Task to complete => All entries need to be written out again exactly, without their pictures.
· · · · · · ·
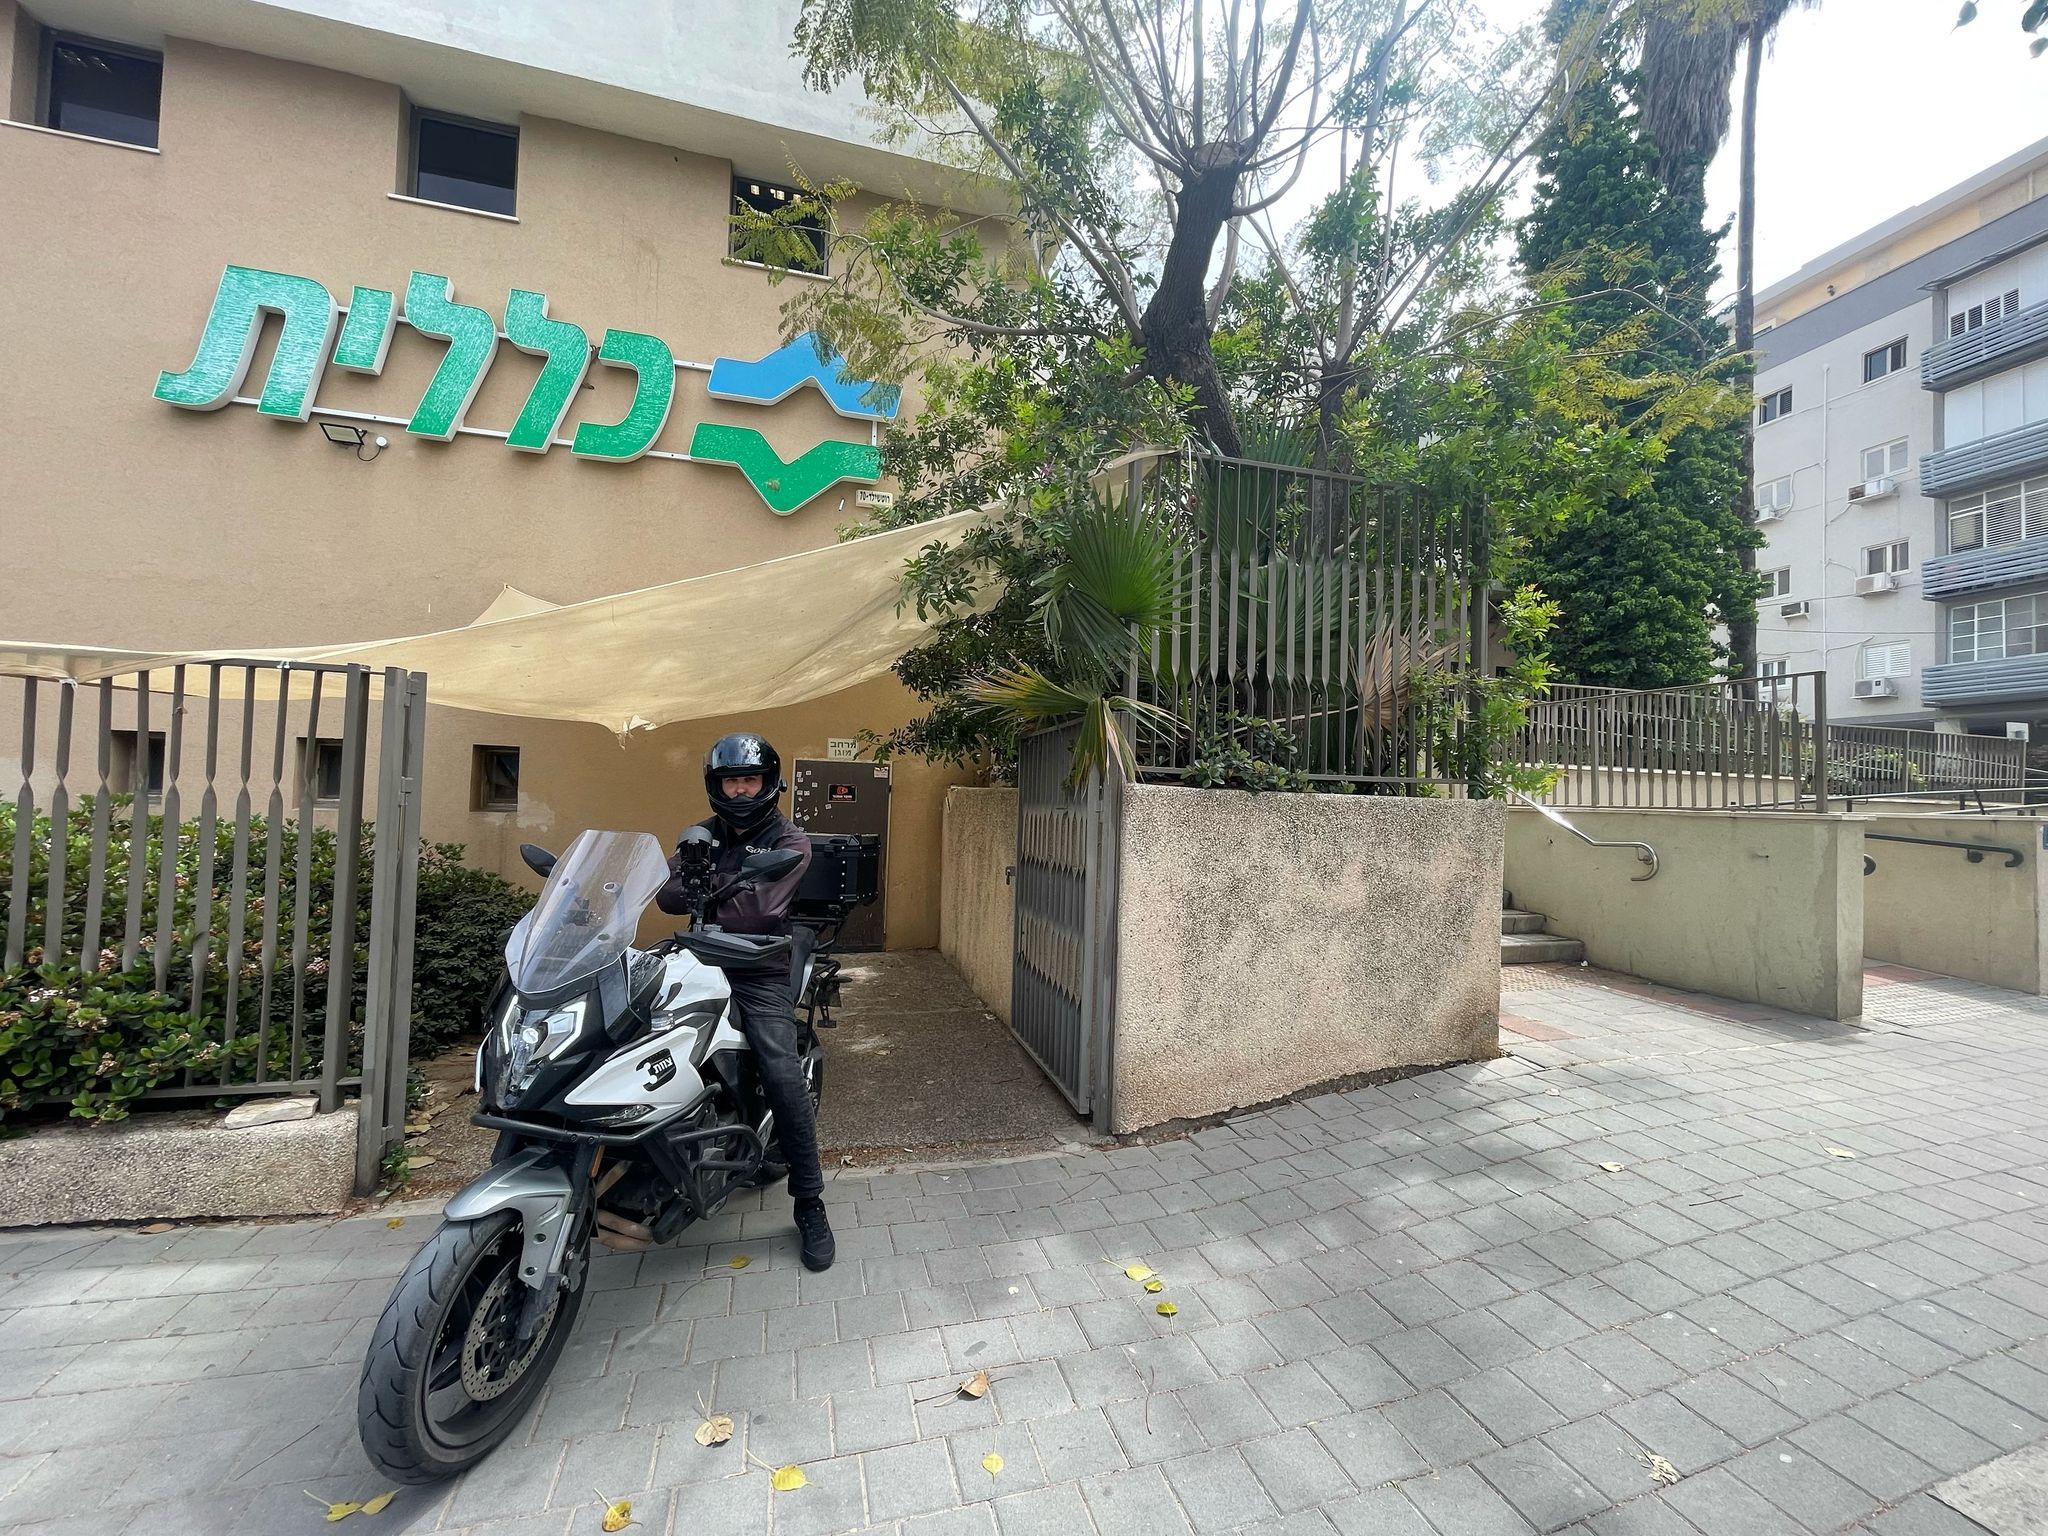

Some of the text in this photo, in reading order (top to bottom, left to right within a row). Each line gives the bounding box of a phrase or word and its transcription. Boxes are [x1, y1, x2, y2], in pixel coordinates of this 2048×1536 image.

[153, 264, 676, 463] כללית
[830, 740, 857, 749] מרחב
[834, 749, 852, 757] מוגן
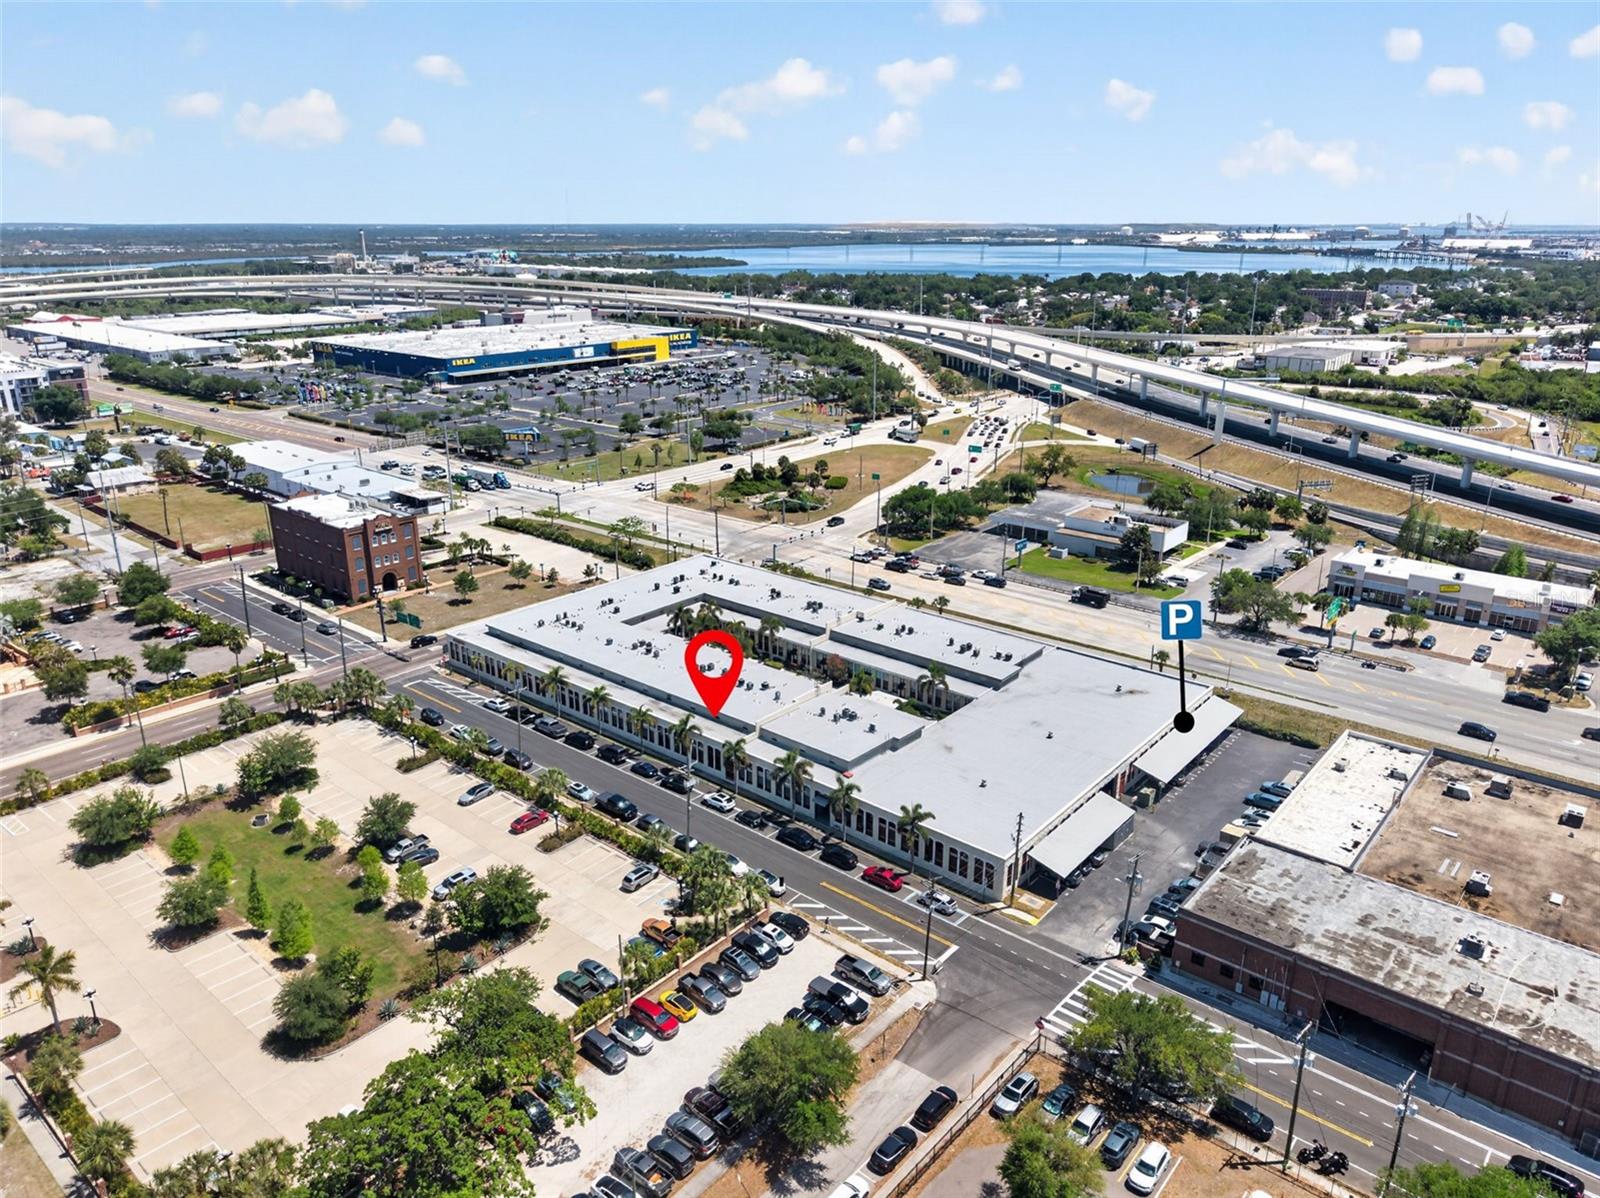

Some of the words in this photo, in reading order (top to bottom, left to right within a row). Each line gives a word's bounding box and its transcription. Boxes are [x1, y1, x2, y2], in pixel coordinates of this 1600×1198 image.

[669, 332, 692, 341] IKEA
[451, 358, 476, 366] IKEA
[505, 433, 533, 441] IKEA
· · · · · · ·
Answer =>
Some of the text in this photo, in reading order (top to bottom, left to right within a row). Each line gives the bounding box of a phrase or word and its transcription. Boxes are [x1, y1, x2, y2], in pixel coordinates of this 2048×1536 image.

[153, 264, 676, 463] כללית
[830, 740, 857, 749] מרחב
[834, 749, 852, 757] מוגן

Some of the words in this photo, in reading order (top to bottom, left to right within a row). Each line gives a word's bounding box and its transcription. Boxes are [x1, y1, x2, y2], in pixel coordinates of this 1600×1198 image.

[669, 332, 692, 341] IKEA
[451, 358, 476, 366] IKEA
[505, 433, 533, 441] IKEA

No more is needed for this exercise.